Day 2: July 8, 2017
I thought I already knew that God loves me, I mean really loves me. I grew up singing “Jesus, loves me, this I know,” but in my teens and early twenties, I followed after things that could never satisfy and was met with a lot of shame. But God — He won me back and reminded me to Whom I belong and how precious and dearly loved I am (see Isaiah 43:1, 4). Yet, I struggled to prove myself. Relating so often to Martha, I would (and still sometimes do) equate my work and productivity to my sense of self-worth. No, God reminded me, that’s not it. I want your heart more than your hands (see Hosea 6:6).
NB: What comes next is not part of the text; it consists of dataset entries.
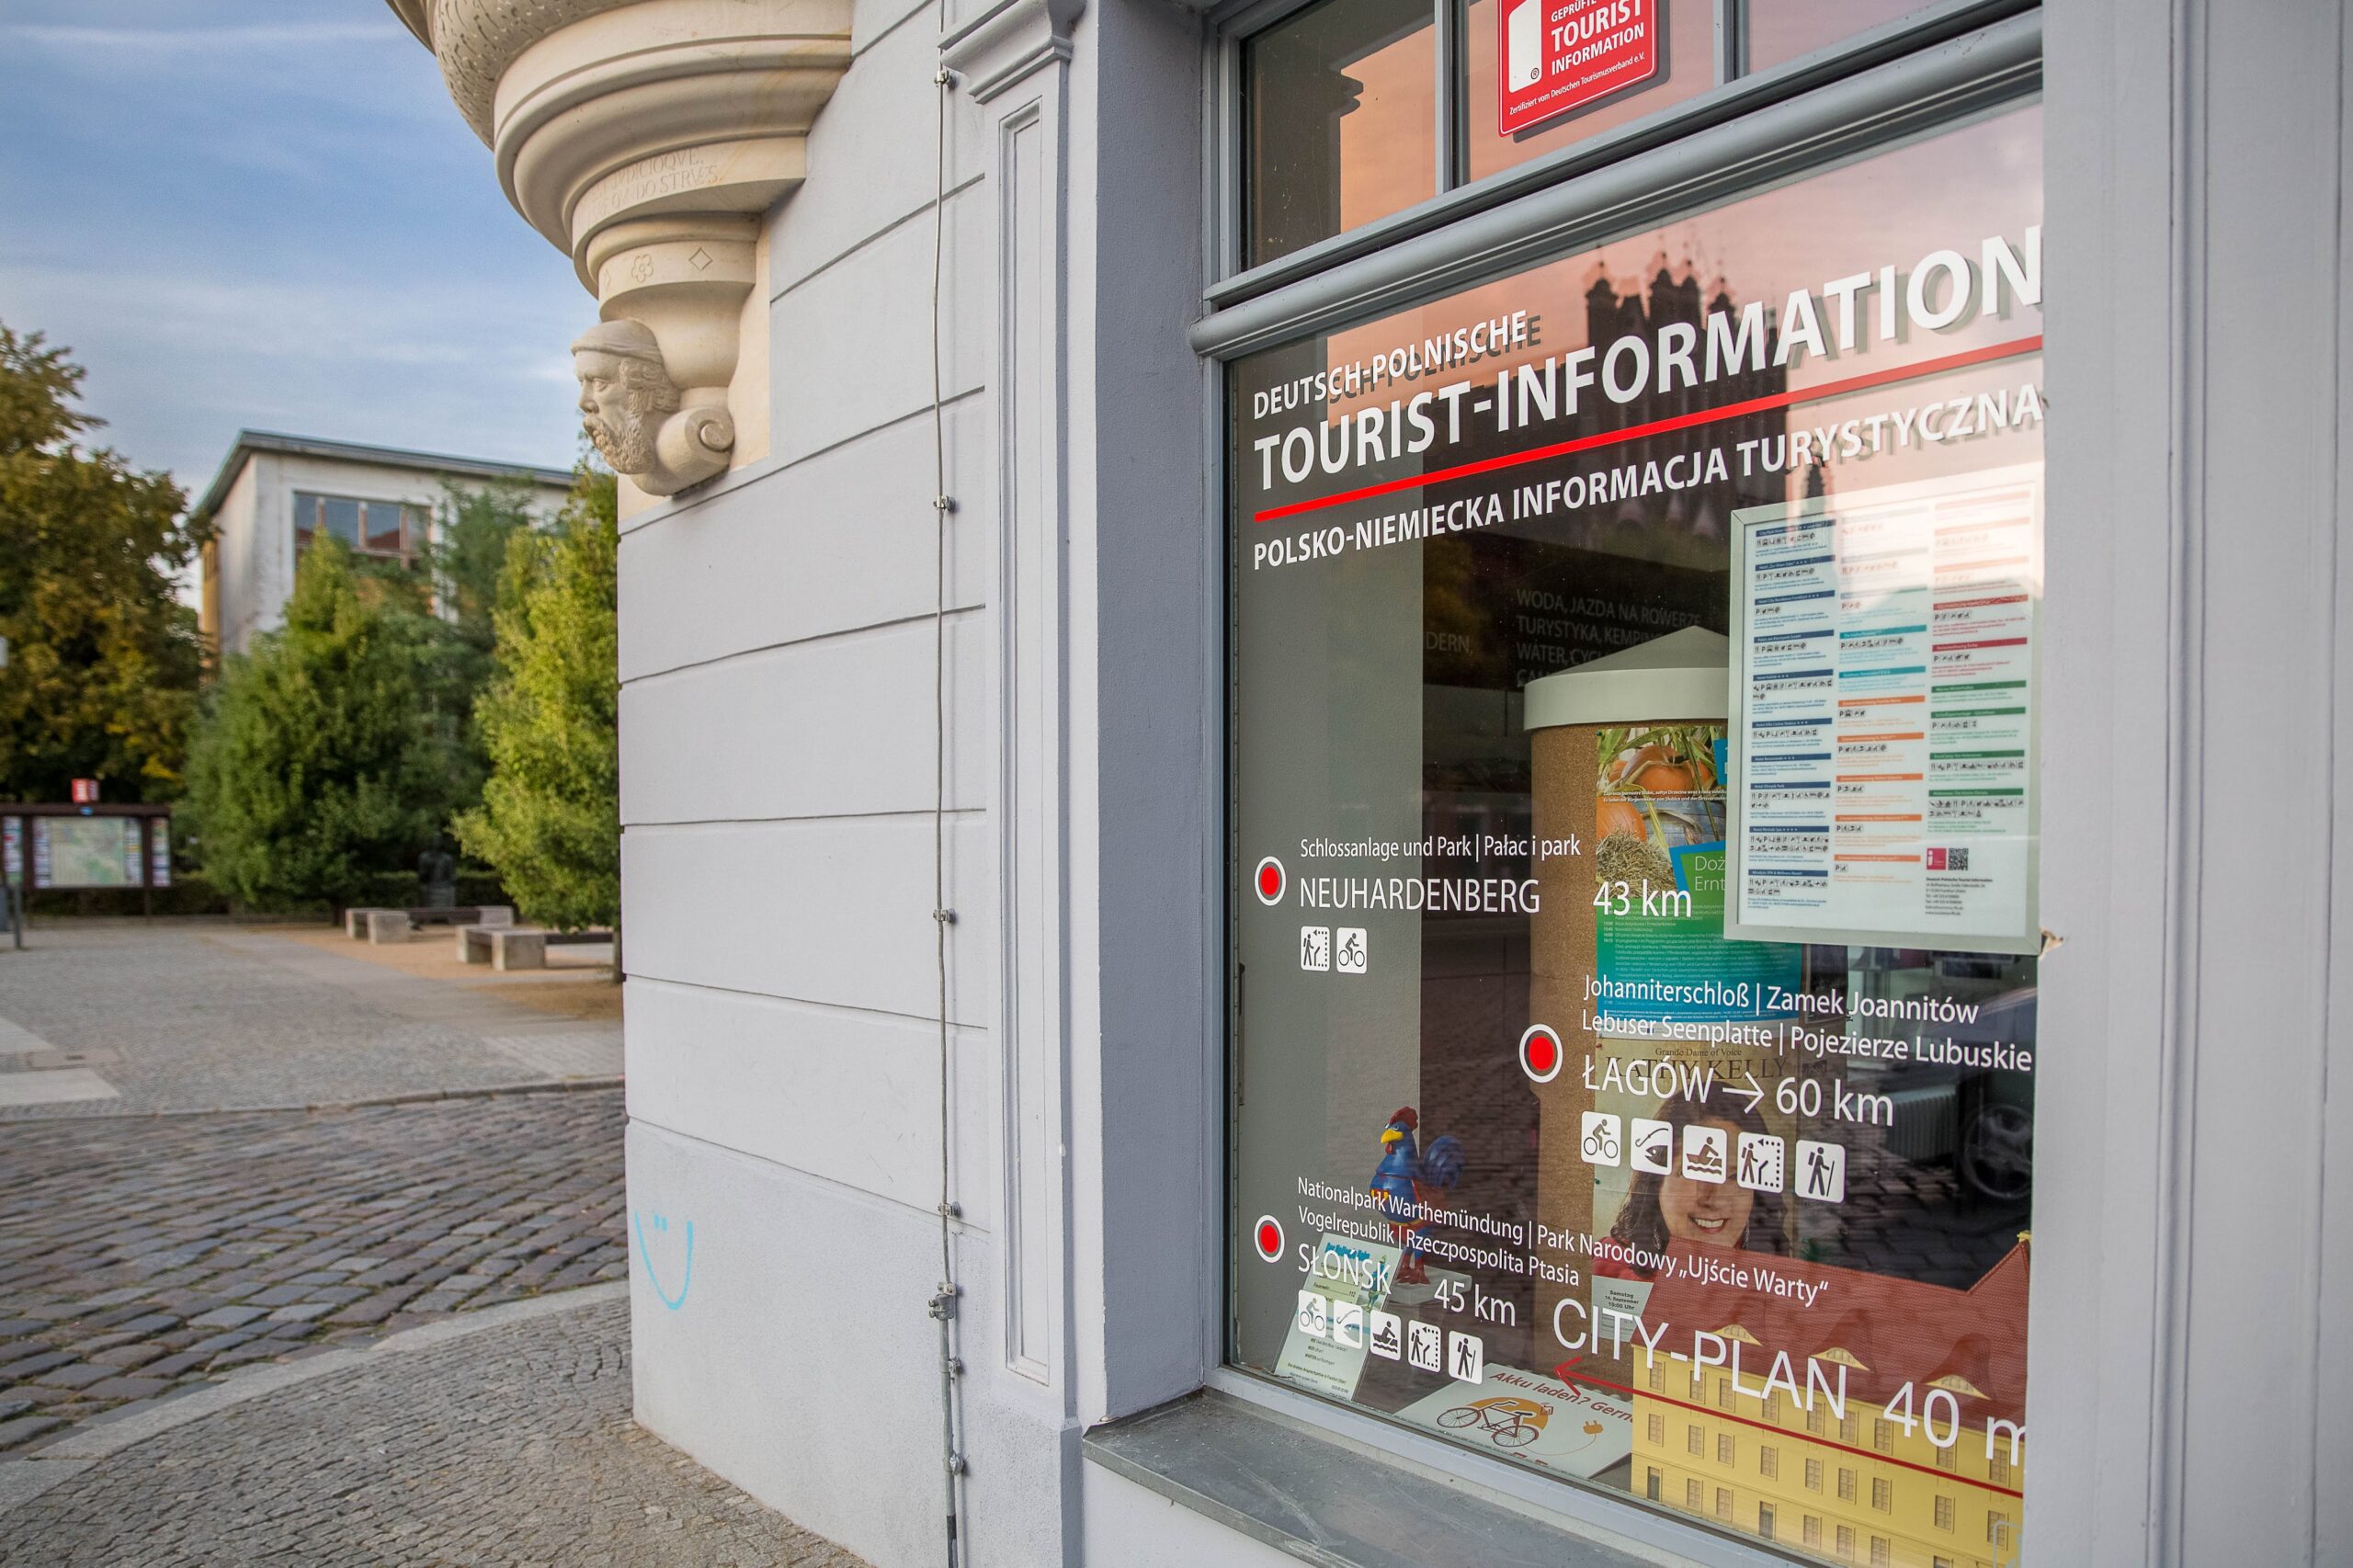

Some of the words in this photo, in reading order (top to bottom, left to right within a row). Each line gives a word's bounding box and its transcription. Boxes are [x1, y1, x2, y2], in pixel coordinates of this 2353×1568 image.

[1551, 0, 1642, 52] TOURIST
[1552, 22, 1644, 76] INFORMATION
[1509, 97, 1538, 116] Zertifiziert
[1538, 93, 1550, 105] vom
[1551, 79, 1580, 98] Deutschen
[1580, 57, 1633, 85] Tourismusverband
[1633, 51, 1645, 63] e.V.
[1254, 225, 2041, 490] TOURIST-INFORMATION
[1254, 310, 1527, 420] DEUTSCH-POLNISCHE
[1254, 494, 1505, 570] POLSKO-NIEMIECKA
[1513, 448, 1728, 521] INFORMACJA
[1735, 383, 2043, 477] TURYSTYCZNA
[1515, 615, 1602, 645] TURYSTYKA,
[1516, 587, 1568, 613] WODA,
[1569, 597, 1616, 619] JAZDA
[1619, 602, 1639, 622] NA
[1516, 642, 1568, 665] WATER,
[1300, 836, 1399, 862] Schlossanlage
[1404, 835, 1433, 858] und
[1437, 835, 1472, 858] Park
[1483, 834, 1528, 857] Pałac
[1531, 835, 1537, 857] i
[1540, 834, 1581, 865] park
[1300, 878, 1540, 914] NEUHARDENBERG
[1593, 881, 1631, 916] 43
[1642, 879, 1692, 918] km
[1584, 974, 1750, 1008] Johanniterschloß
[1767, 986, 1845, 1016] Zamek
[1849, 991, 1980, 1025] Joannitów
[1582, 1008, 1657, 1037] Lebuser
[1661, 1016, 1773, 1049] Seenplatte
[1790, 1026, 1908, 1060] Pojezierze
[1915, 1036, 2033, 1072] Lubuskie
[1655, 1047, 1685, 1057] Grande
[1686, 1048, 1708, 1057] Dame
[1710, 1047, 1719, 1057] of
[1721, 1048, 1743, 1057] Voice
[1581, 1054, 1715, 1105] ŁAGÓW
[1776, 1076, 1822, 1118] 60
[1834, 1078, 1894, 1127] km
[1706, 1057, 1790, 1080] KELLY
[1298, 1176, 1386, 1212] Nationalpark
[1389, 1194, 1523, 1245] Warthemündung
[1537, 1224, 1575, 1253] Park
[1579, 1234, 1677, 1278] Narodowy
[1679, 1256, 1749, 1290] „Ujście
[1298, 1205, 1395, 1245] Vogelrepublik
[1406, 1230, 1525, 1274] Rzeczpospolita
[1529, 1256, 1580, 1287] Ptasia
[1298, 1243, 1392, 1295] SŁOŃSK
[1434, 1278, 1465, 1313] 45
[1474, 1284, 1517, 1327] km
[1609, 1290, 1634, 1299] Samstag
[1612, 1296, 1639, 1304] September
[1489, 1372, 1534, 1389] Akku
[1533, 1382, 1591, 1405] laden?
[1552, 1298, 1847, 1421] CITY-PLAN
[1883, 1381, 1961, 1449] 40
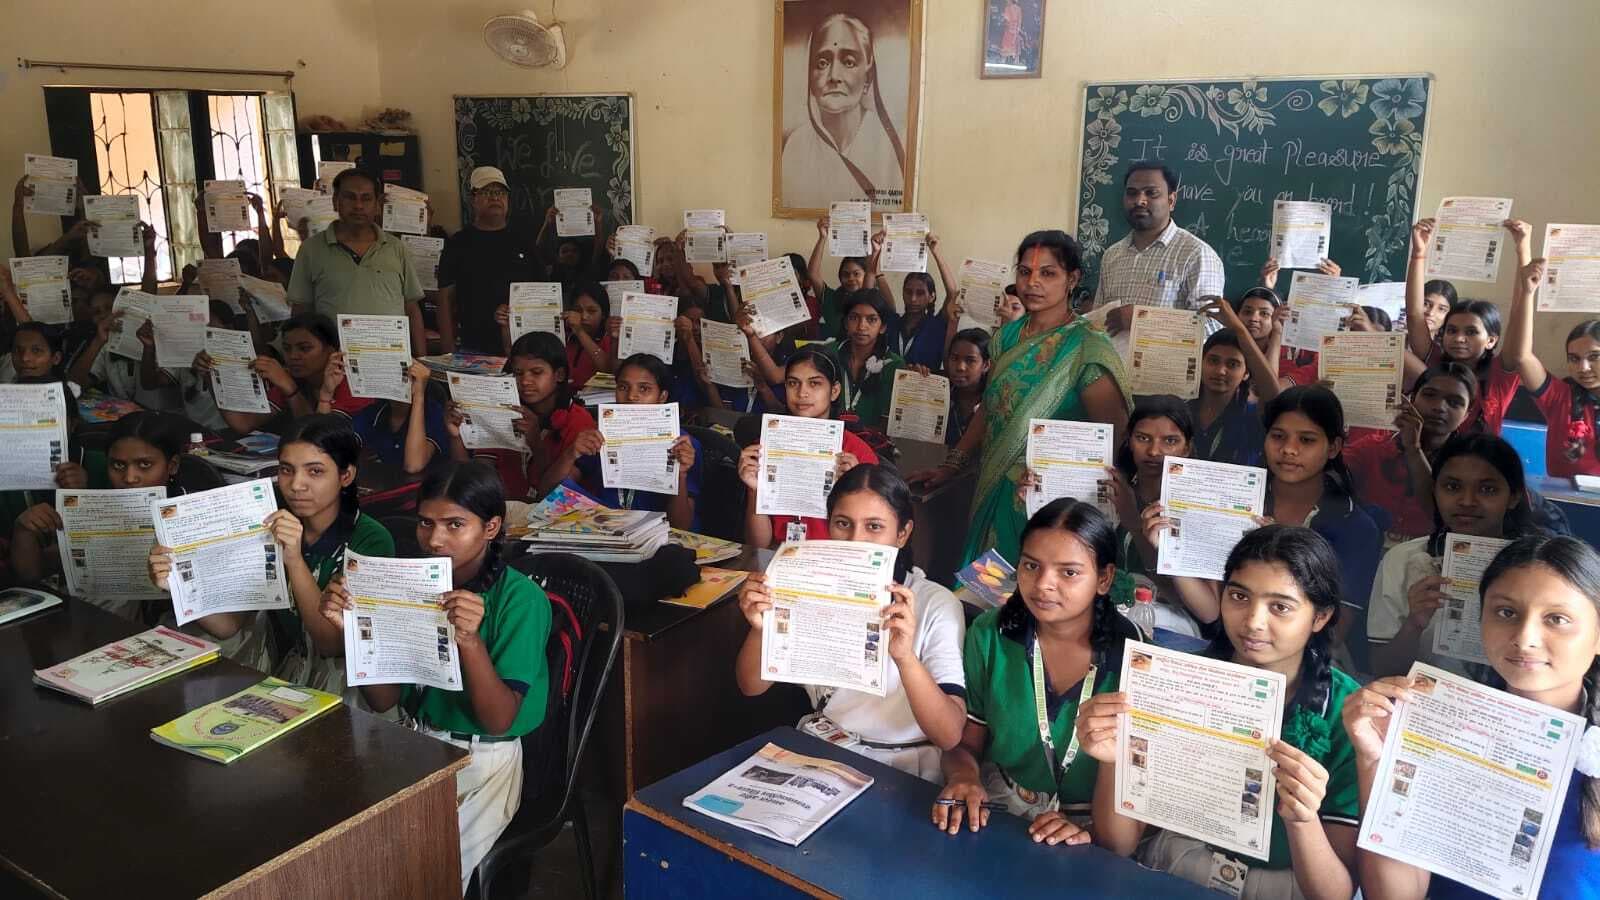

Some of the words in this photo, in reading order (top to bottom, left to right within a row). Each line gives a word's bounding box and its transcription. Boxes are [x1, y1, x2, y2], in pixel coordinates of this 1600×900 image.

[1129, 135, 1168, 161] It
[1185, 142, 1211, 162] is
[1214, 139, 1273, 186] great
[1176, 173, 1216, 201] have
[1226, 186, 1264, 223] you
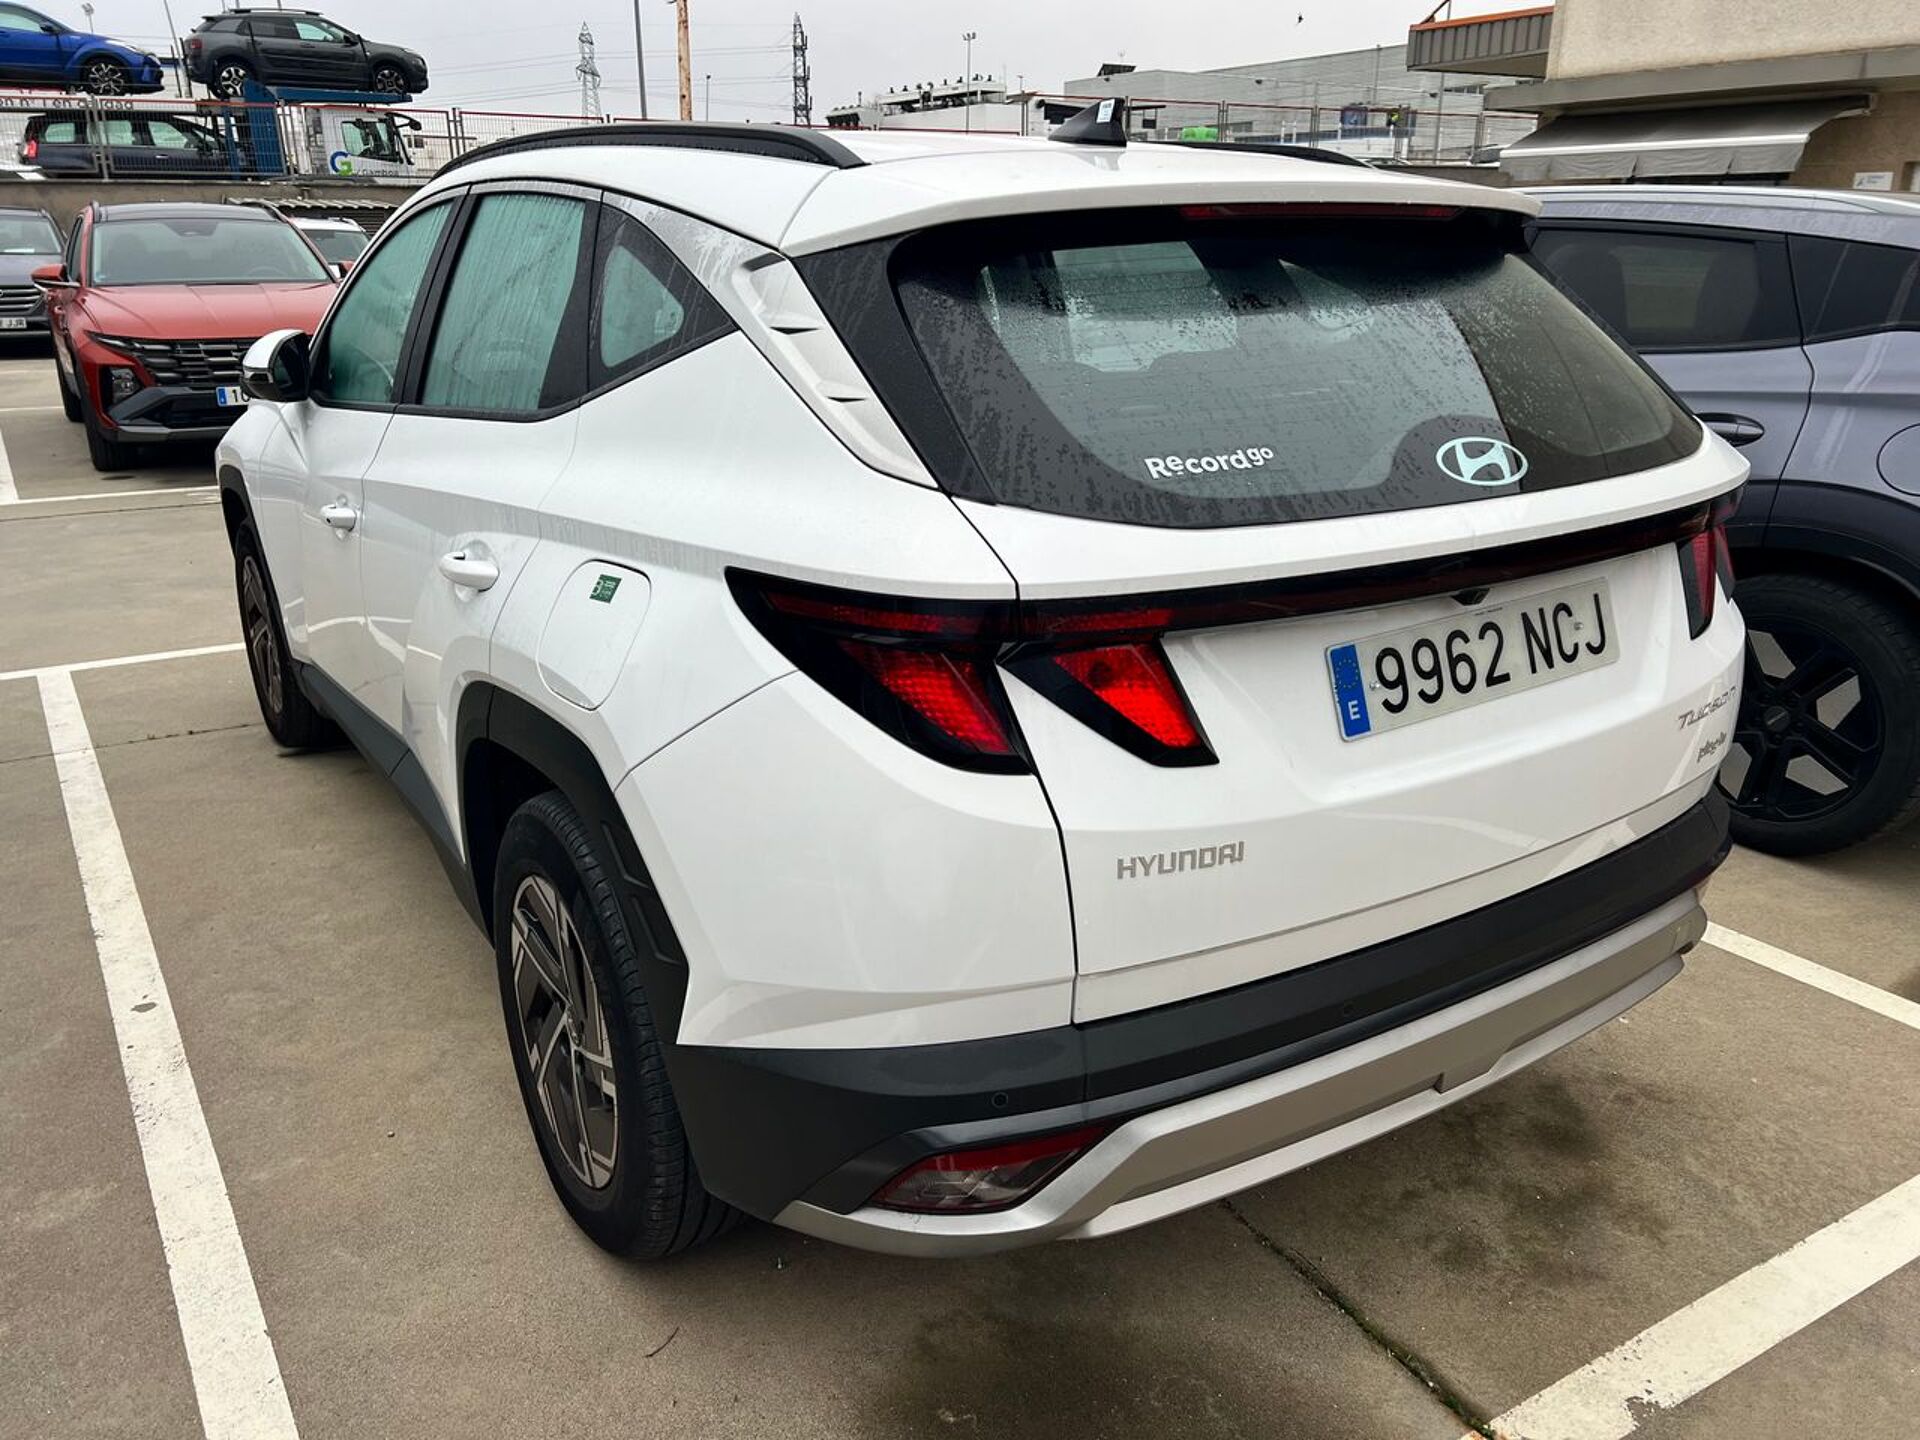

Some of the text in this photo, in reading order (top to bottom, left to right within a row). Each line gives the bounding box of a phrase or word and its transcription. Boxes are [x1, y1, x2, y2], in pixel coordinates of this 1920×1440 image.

So, I thought I knew by now that God loved me. And when my oldest son was diagnosed with brain cancer, I believed still. Two years later, when more spots showed up on his brain, I was shaken. I wanted to believe God loved me, but how could He in all this? It didn’t make sense. Despite the confusion, anger and many tears, I proclaimed that yes, I don’t understand it, but God is still good. Does that also make Him loving? I didn’t even know that I was truly questioning that in my heart until recently when I read somebody’s status on Facebook. (Oh, the joys of social media – both good and bad!) In response to a tragedy in someone else’s life, this person had commented how grateful they were for their family and how much God has blessed them. Those are good things, and it is good to be grateful. When something happens to a child, people often say, I have said, “I’m going to hug my kids a little tighter tonight”—you know, sad that it happened but glad that it wasn’t your child. But now, it is my child that has the sad, heartbreaking story. And I wonder, because suffering and heartache has made their home in our lives, does that mean God loves us less? Are we less blessed because we suffer?
As I typed those last words, this passage of scripture came to my mind:
Who can separate us from the love of Christ? Can affliction or distress or persecution or famine or nakedness or danger or sword? No, in all these things we are more than conquerors through him who loved us. For I am persuaded that neither death nor life, nor angels nor rulers, nor things present nor things to come, nor powers, nor height nor depth, nor any other created thing will be able to separate us from the love of God that is in Christ Jesus or Lord.
Romans 8:35, 37-39 CSB
My pain doesn’t negate God’s love for me. Oh, how I wish in our American churches that we would stop believing that comfort alone equals the blessings of God. Because I am learning, despite how I feel, that not even cancer, can take away His steadfast love for me. No amount of anguish or plan of Satan can stop His faithfulness. His promises are true. Yes, Jesus loves me!
I have loved you with an everlasting love; therefore, I have continued to extend faithful love to you.